If your extension relies on effectively immutable data obtained from outside
the build, most commonly from the network, but you don't have a checksum
available to guard the download, consider using the `facts` parameter of
[`extension_metadata`](/rules/lib/builtins/module_ctx#extension_metadata) to
persistently record such data and thus allow your extension to become
reproducible. `facts` is expected to be a dictionary with string keys and
arbitrary JSON-like Starlark values that is always persisted in the lockfile and
available to future evaluations of the extension via the
[`facts`](/rules/lib/builtins/module_ctx#facts) field of `module_ctx`.
`facts` are not invalidated even when the code of your module extension changes,
so be prepared to handle the case where the structure of `facts` changes.
Bazel also assumes that two different `facts` dicts produced by two different
evaluations of the same extension can be shallowly merged (i.e., as if by using
the `|` operator on two dicts). This is partially enforced by `module_ctx.facts`
not supporting enumeration of its entries, just lookups by key.
An example of using `facts` would be to record a mapping from version numbers of
some SDK to the an object containing the download URL and checksum of that
version. The first time the extension is evaluated, it can fetch this mapping
from the network, but on later evaluations it can use the mapping from `facts`
to avoid the network requests.
### Specify dependence on operating system and architecture
If your extension relies on the operating system or its architecture type,
ensure to indicate this in the extension definition using the `os_dependent`
and `arch_dependent` boolean attributes. This ensures that Bazel recognizes the
need for re-evaluation if there are changes to either of them.
Since this kind of dependence on the host makes it more difficult to maintain
the lockfile entry for this extension, consider
[marking the extension reproducible](#specify_reproducibility) if possible.
### Only the root module should directly affect repository names
Remember that when an extension creates repositories, they are created within
the namespace of the extension.
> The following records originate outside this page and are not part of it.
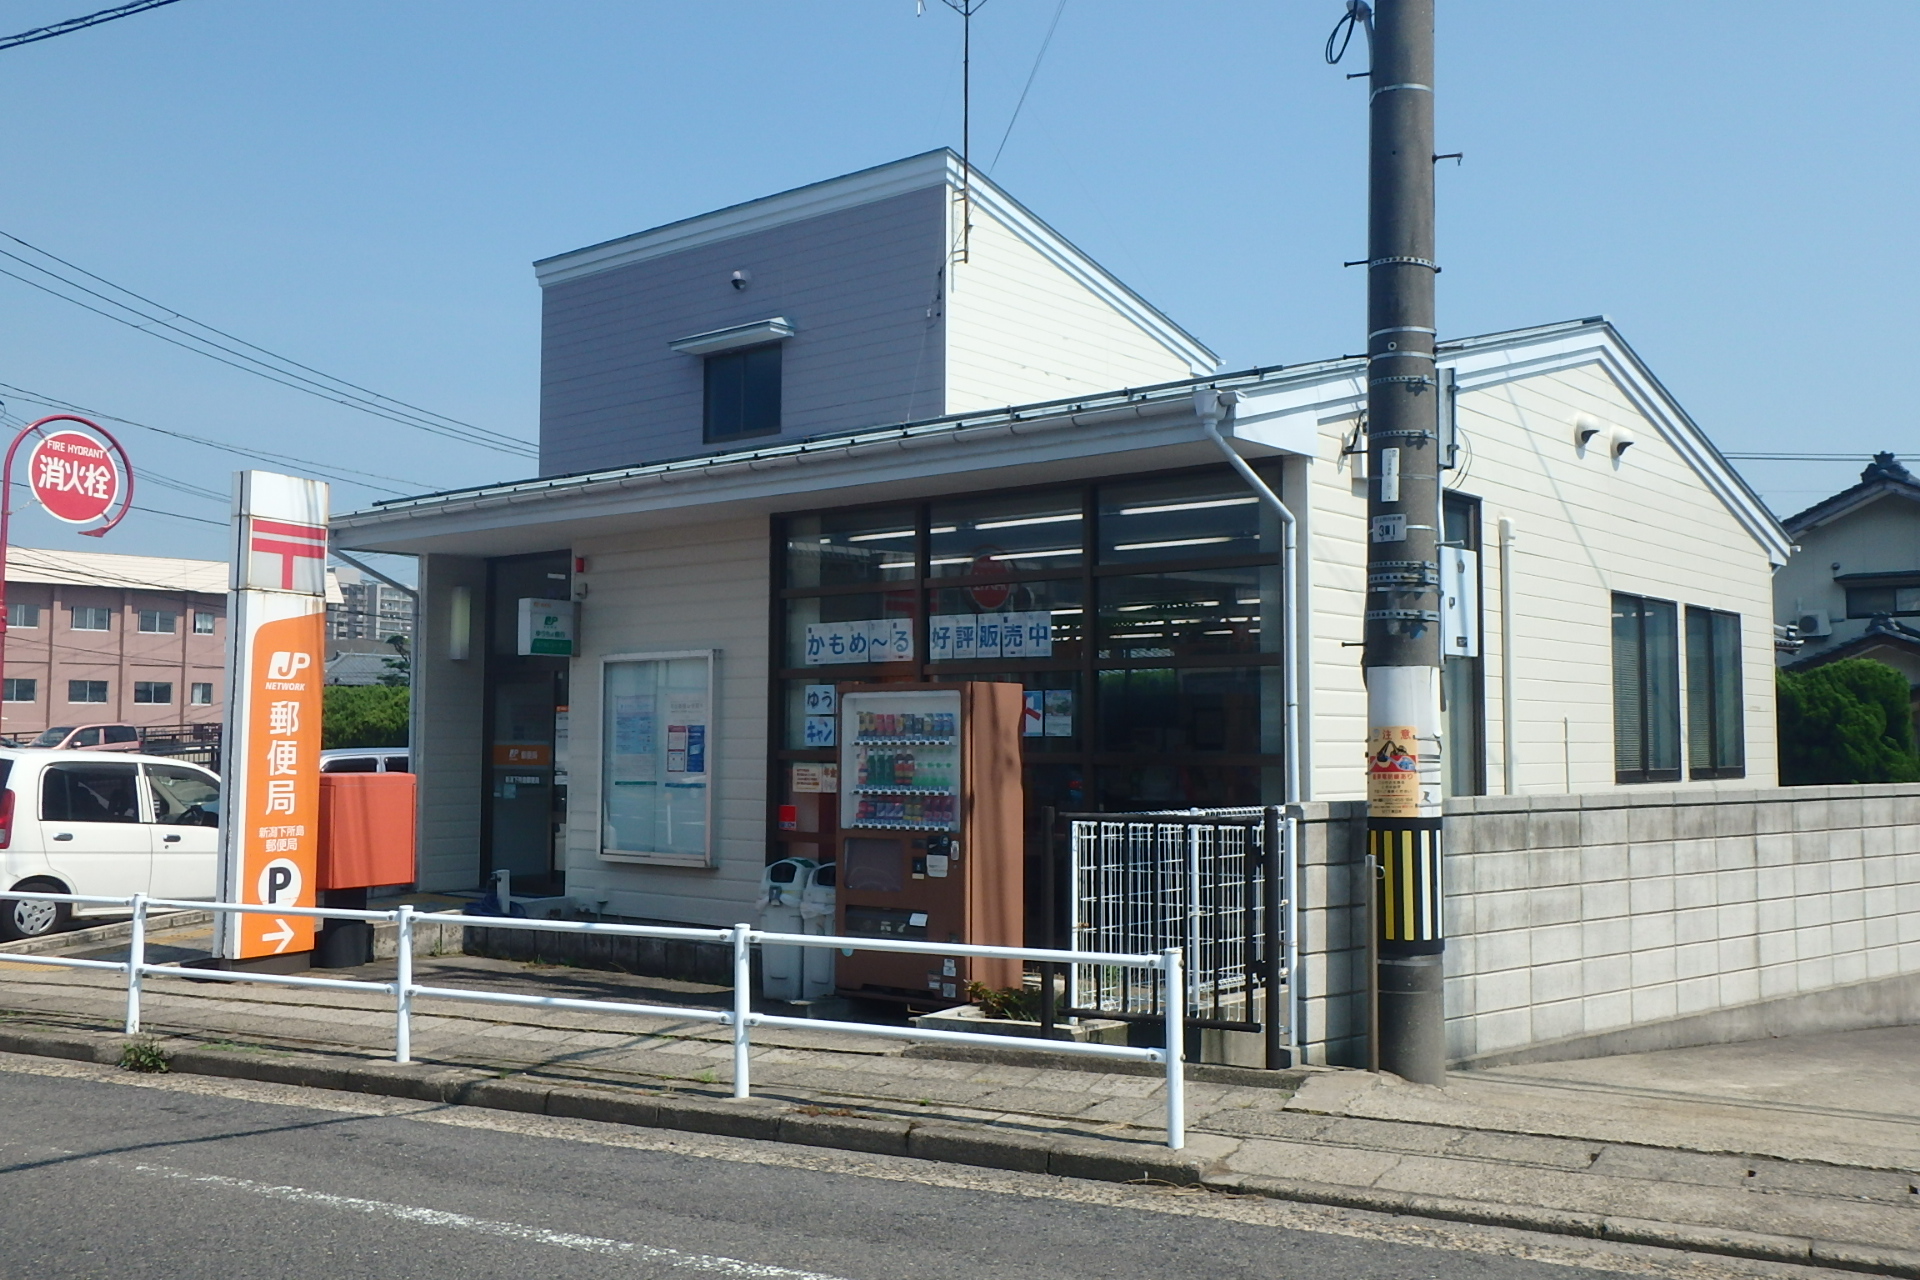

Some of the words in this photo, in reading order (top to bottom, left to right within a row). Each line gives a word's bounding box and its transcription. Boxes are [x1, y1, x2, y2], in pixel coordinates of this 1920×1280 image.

[47, 440, 65, 452] FIRE
[67, 444, 104, 459] HYDRANT
[38, 454, 111, 499] 消火栓
[932, 623, 1049, 649] 好評販売中
[267, 651, 311, 680] JP
[265, 682, 306, 691] NETWORK
[807, 690, 834, 708] ゆう
[1382, 729, 1412, 740] 注意
[265, 700, 301, 816] 郵便局
[264, 838, 298, 852] 郵便局
[268, 866, 292, 904] P
This means collisions can occur if different
modules use the same extension and end up creating a repository with the same
name. This often manifests as a module extension's `tag_class` having a `name`
argument that is passed as a repository rule's `name` value.
For example, say the root module, `A`, depends on module `B`. Both modules
depend on module `mylang`. If both `A` and `B` call
`mylang.toolchain(name="foo")`, they will both try to create a repository named
`foo` within the `mylang` module and an error will occur.
To avoid this, either remove the ability to set the repository name directly,
or only allow the root module to do so. It's OK to allow the root module this
ability because nothing will depend on it, so it doesn't have to worry about
another module creating a conflicting name.